WORK TASK: Copy the lines word for word. Begin at the line that contains "this 2500×1406 image." and end with the final line of the data.

Saved entries:
+ + +

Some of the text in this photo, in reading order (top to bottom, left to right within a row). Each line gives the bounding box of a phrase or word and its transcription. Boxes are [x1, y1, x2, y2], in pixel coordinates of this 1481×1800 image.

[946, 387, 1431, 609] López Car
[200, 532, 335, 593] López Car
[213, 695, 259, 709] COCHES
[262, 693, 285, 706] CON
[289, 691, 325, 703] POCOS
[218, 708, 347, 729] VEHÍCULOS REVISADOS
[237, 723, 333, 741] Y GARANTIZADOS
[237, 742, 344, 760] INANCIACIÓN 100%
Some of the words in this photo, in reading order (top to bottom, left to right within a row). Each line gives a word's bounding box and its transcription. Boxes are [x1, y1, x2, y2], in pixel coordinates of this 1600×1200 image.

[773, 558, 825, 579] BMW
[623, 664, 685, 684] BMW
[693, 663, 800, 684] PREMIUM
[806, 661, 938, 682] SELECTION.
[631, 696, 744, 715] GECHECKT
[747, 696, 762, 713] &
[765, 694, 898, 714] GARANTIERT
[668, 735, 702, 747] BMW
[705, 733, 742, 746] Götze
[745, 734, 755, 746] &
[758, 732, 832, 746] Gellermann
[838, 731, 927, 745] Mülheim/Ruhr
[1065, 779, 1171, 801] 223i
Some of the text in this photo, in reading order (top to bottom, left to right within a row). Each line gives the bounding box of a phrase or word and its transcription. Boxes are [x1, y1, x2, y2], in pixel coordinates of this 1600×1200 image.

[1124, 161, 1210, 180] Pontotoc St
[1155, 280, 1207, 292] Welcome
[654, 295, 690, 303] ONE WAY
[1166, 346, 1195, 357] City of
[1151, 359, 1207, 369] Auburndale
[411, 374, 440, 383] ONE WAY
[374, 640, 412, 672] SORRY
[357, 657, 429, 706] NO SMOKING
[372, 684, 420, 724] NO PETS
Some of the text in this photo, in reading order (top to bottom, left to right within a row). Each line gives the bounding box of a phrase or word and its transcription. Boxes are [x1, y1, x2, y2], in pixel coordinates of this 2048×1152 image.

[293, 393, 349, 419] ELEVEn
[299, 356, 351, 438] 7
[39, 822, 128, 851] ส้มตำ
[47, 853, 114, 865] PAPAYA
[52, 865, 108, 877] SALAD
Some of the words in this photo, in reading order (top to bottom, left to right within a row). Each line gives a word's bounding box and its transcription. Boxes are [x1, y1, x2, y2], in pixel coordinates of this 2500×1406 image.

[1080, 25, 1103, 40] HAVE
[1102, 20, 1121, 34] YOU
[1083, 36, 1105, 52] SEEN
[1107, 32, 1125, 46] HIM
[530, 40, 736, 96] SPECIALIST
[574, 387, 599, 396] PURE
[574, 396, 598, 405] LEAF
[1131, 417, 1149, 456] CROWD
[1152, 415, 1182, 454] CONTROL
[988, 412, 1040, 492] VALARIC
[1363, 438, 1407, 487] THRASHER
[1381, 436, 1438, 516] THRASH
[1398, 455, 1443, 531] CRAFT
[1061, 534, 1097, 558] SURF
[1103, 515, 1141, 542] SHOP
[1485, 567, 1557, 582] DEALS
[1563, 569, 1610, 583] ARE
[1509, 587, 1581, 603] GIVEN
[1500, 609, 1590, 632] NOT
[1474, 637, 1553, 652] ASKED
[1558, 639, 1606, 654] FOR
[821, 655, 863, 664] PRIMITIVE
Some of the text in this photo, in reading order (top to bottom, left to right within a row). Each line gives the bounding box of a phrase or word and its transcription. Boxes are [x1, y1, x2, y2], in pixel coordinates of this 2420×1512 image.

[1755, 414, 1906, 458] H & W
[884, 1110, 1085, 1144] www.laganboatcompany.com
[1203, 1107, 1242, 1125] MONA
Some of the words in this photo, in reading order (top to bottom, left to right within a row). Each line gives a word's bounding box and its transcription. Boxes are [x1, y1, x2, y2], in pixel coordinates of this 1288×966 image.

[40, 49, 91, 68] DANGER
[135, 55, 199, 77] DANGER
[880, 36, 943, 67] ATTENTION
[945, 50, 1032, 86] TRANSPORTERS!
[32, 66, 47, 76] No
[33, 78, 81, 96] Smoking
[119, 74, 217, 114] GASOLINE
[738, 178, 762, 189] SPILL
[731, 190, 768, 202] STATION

+ + +

RESULT:
Some of the words in this photo, in reading order (top to bottom, left to right within a row). Each line gives a word's bounding box and its transcription. Boxes are [x1, y1, x2, y2], in pixel coordinates of this 2500×1406 image.

[1080, 25, 1103, 40] HAVE
[1102, 20, 1121, 34] YOU
[1083, 36, 1105, 52] SEEN
[1107, 32, 1125, 46] HIM
[530, 40, 736, 96] SPECIALIST
[574, 387, 599, 396] PURE
[574, 396, 598, 405] LEAF
[1131, 417, 1149, 456] CROWD
[1152, 415, 1182, 454] CONTROL
[988, 412, 1040, 492] VALARIC
[1363, 438, 1407, 487] THRASHER
[1381, 436, 1438, 516] THRASH
[1398, 455, 1443, 531] CRAFT
[1061, 534, 1097, 558] SURF
[1103, 515, 1141, 542] SHOP
[1485, 567, 1557, 582] DEALS
[1563, 569, 1610, 583] ARE
[1509, 587, 1581, 603] GIVEN
[1500, 609, 1590, 632] NOT
[1474, 637, 1553, 652] ASKED
[1558, 639, 1606, 654] FOR
[821, 655, 863, 664] PRIMITIVE
Some of the text in this photo, in reading order (top to bottom, left to right within a row). Each line gives the bounding box of a phrase or word and its transcription. Boxes are [x1, y1, x2, y2], in pixel coordinates of this 2420×1512 image.

[1755, 414, 1906, 458] H & W
[884, 1110, 1085, 1144] www.laganboatcompany.com
[1203, 1107, 1242, 1125] MONA
Some of the words in this photo, in reading order (top to bottom, left to right within a row). Each line gives a word's bounding box and its transcription. Boxes are [x1, y1, x2, y2], in pixel coordinates of this 1288×966 image.

[40, 49, 91, 68] DANGER
[135, 55, 199, 77] DANGER
[880, 36, 943, 67] ATTENTION
[945, 50, 1032, 86] TRANSPORTERS!
[32, 66, 47, 76] No
[33, 78, 81, 96] Smoking
[119, 74, 217, 114] GASOLINE
[738, 178, 762, 189] SPILL
[731, 190, 768, 202] STATION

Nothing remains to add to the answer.